Loi 40 : Les commissaires des commissions scolaires ont perdu leur mandat
Dans la nuit de vendredi à samedi, l’Assemblée nationale du Québec a adopté le projet de loi no 40, Loi modifiant principalement la Loi sur l’instruction publique relativement à l’organisation et à la gouvernance scolaires. Depuis, les commissions scolaires se sont transformées en centres de services scolaires, et les commissaires et présidents ont perdu leur mandat.
Cette loi abolit également les élections scolaires et « officialise une décentralisation importante de la prise de décision vers celles et ceux qui connaissent les élèves par leur nom », peut-on lire dans un communiqué.

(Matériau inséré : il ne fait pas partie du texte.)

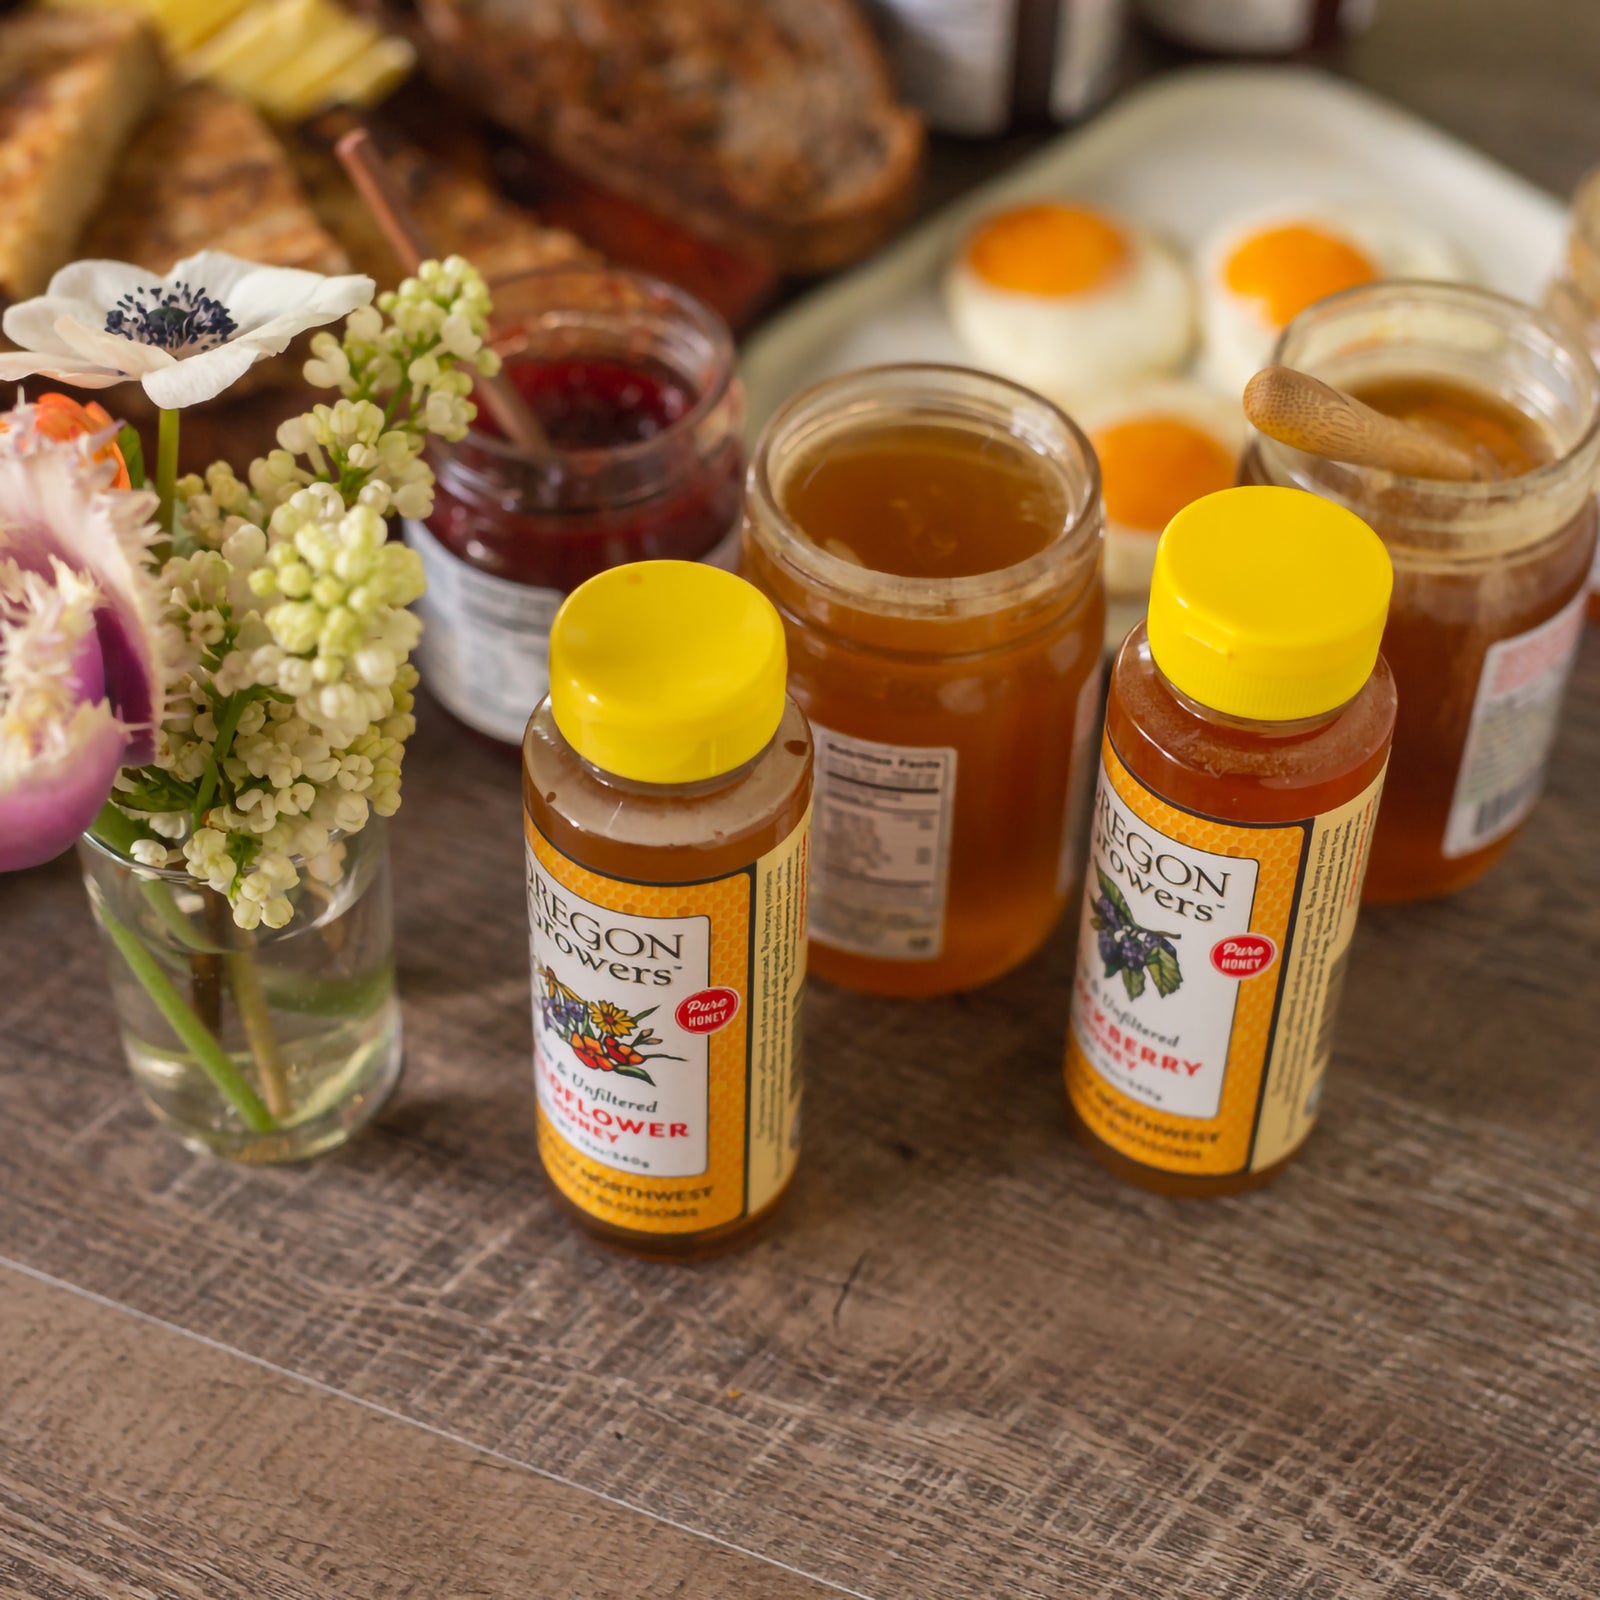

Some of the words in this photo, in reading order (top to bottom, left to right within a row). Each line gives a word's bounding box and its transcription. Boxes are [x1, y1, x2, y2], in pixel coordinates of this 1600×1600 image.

Votée à 60 voix contre 35, cette loi veut mettre en place un système scolaire moins bureaucratique en proposant une gouvernance de proximité, centrée sur les besoins et la réussite des élèves. Les enseignants seront mieux formés, les parents auront plus de pouvoir décisionnel, plus de services regroupés, et d’autres mesures.
Le gouvernement a annoncé la fin immédiate des mandats des commissaires scolaires francophones. On parle désormais d’ex-présidents et d’ex-commissaires. Ceux-ci ont toutefois une nouvelle injonction : le rôle-conseil à la direction générale. « Comment le ministre peut-il me démener de mes fonctions en abolissant un poste qu’il juge incompétent pour ensuite me donner un autre mandat ? », se questionne l’ex-présidente de l’ancienne Commission scolaire des Grandes Seigneuries, Marie-Louise Kerneïs. Il existe une certaine incompréhension face à cette loi. « On ne sait pas vraiment à quoi s’attendre », ajoute-t-elle.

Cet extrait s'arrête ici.